Toets Borderline in,bij Google....en je vind VEEL informatie.
Laat je niet ''gek maken'' door die informatie.

Iedere Borderliner is weer anders.
EN...Ik loop bij een psychiater...hij geloofd niet in Borderline [artsen of specialisten vinden het erg handig om iemand een ''etiketje'' op te ''plakken''....zonder verder de persoon te onderzoeken]!!!!

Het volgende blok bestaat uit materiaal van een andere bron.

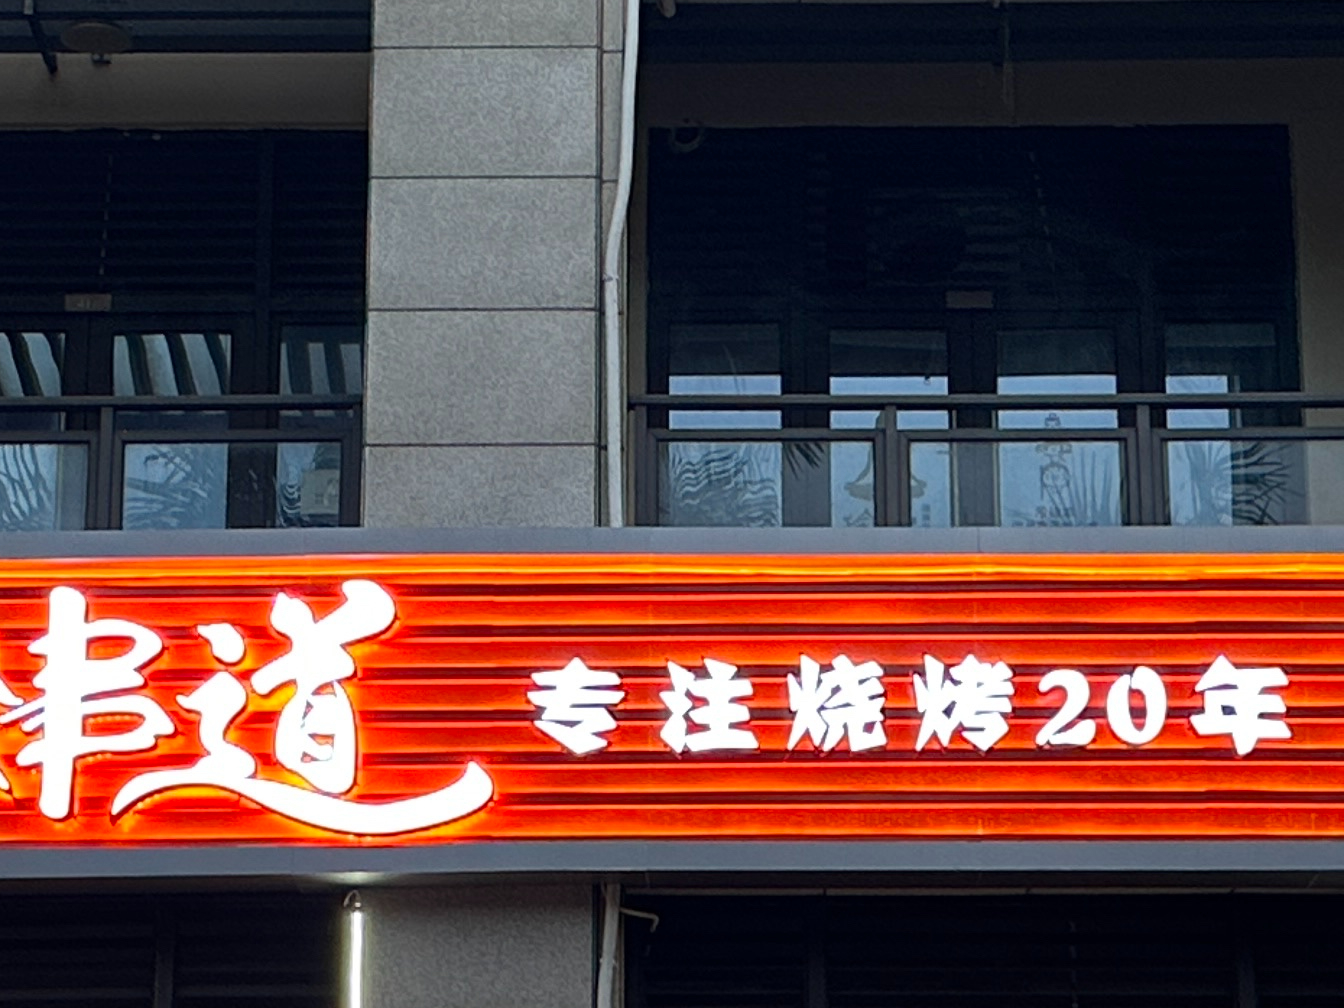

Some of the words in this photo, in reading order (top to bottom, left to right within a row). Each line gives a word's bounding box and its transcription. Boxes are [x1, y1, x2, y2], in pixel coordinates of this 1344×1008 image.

[526, 652, 1293, 756] 专注烧烤20年

Zoals jij je zorgen hebt geuit,vind ik...dat jouw huisarts jou niet serieus neemt [dat = mijn mening].
Als je psychisch iets mankeert,dan zijn er meteen artsen ....die lichamelijke klachten niet serieus nemen.
[DAT HEB IK ZO VAAK ONDERVONDEN !!!].

EN...als jij aan de huisarts laat weten,dat jij wel behandeld wil worden>>>dan zal hij wel moeten !!!
Een arts of specialist hebben een eed afgelegd,dat gezondheid..boven alles staat.

Polsslag in rust...= 100 !!!
Laat meteen je bloeddruk en cholesterol na kijken.

Lieve groet van ''Siri''.
P.S. Ik hoop dat jij iets aan mijn informatie hebt.

----------


## hes

hoi siri,

ik heb geen borderline, maar het is een borderline ecg. zo noemen ze dat!!
en daar heb ik mijn vragen over, snap niet wat ze daar mee bedoelen.
weet dat de ziekte van borderline bestaat.

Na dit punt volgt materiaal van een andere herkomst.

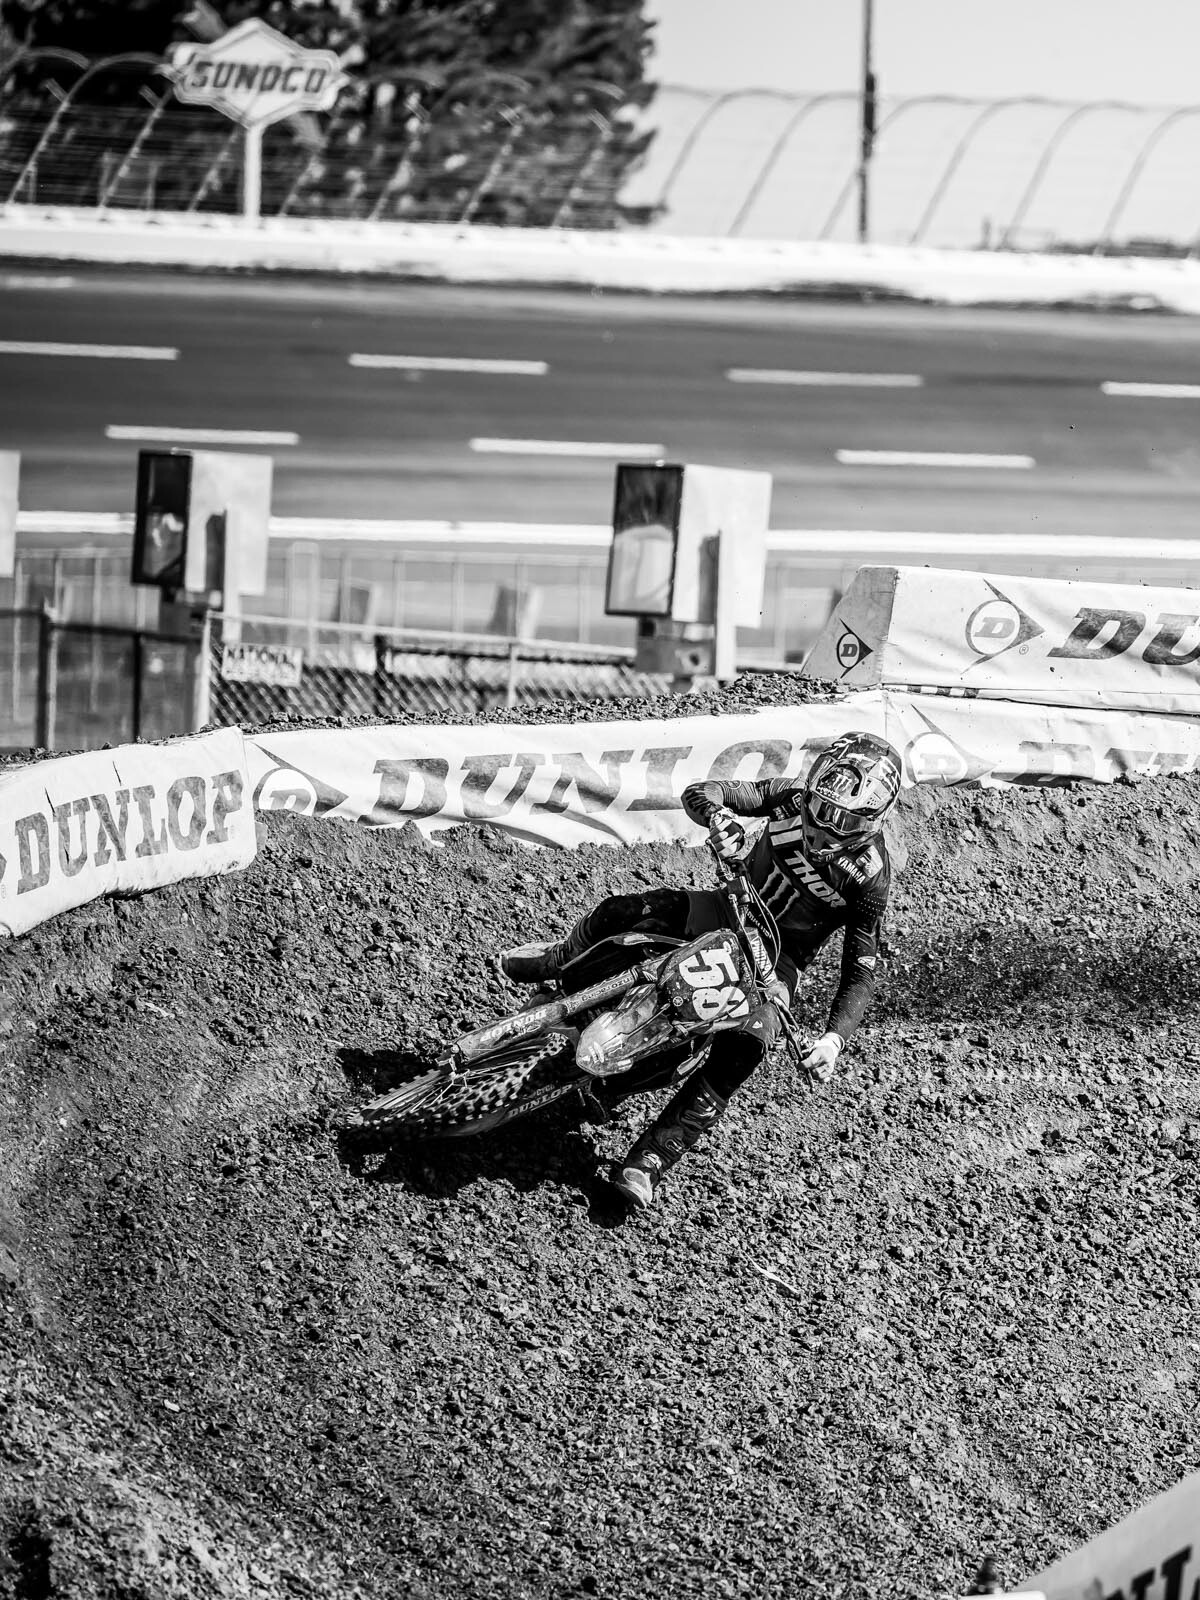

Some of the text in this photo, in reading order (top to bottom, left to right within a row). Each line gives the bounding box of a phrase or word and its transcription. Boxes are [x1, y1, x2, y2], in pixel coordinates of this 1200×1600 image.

[191, 60, 327, 94] SUNOCO
[973, 616, 1016, 639] D
[14, 769, 243, 895] DUNLOP
[785, 850, 847, 908] THOR
[837, 856, 867, 885] YAMAHA
[679, 941, 750, 1021] 58
[509, 1083, 573, 1118] DUNLOP

de klachten die ik heb zijn dus neit psychische. tenminste dat denk ik niet.
cholesterol heeft hij middels dat bloedonderzoek gedaan en die was super goed!!
en bloeddruk ietsie aan de hoge kant. verder nierfunctie nagekeken omdat dat ook iets met de klachten kan doen en die zijn ook goed.
dus verder geen rede om actie te ondernemen zegt de huisarts.

maar bedankt voor je reactie hoor, fijn dat er mensen zijn die je willen ondersteunen en helpen.

groeten hes

----------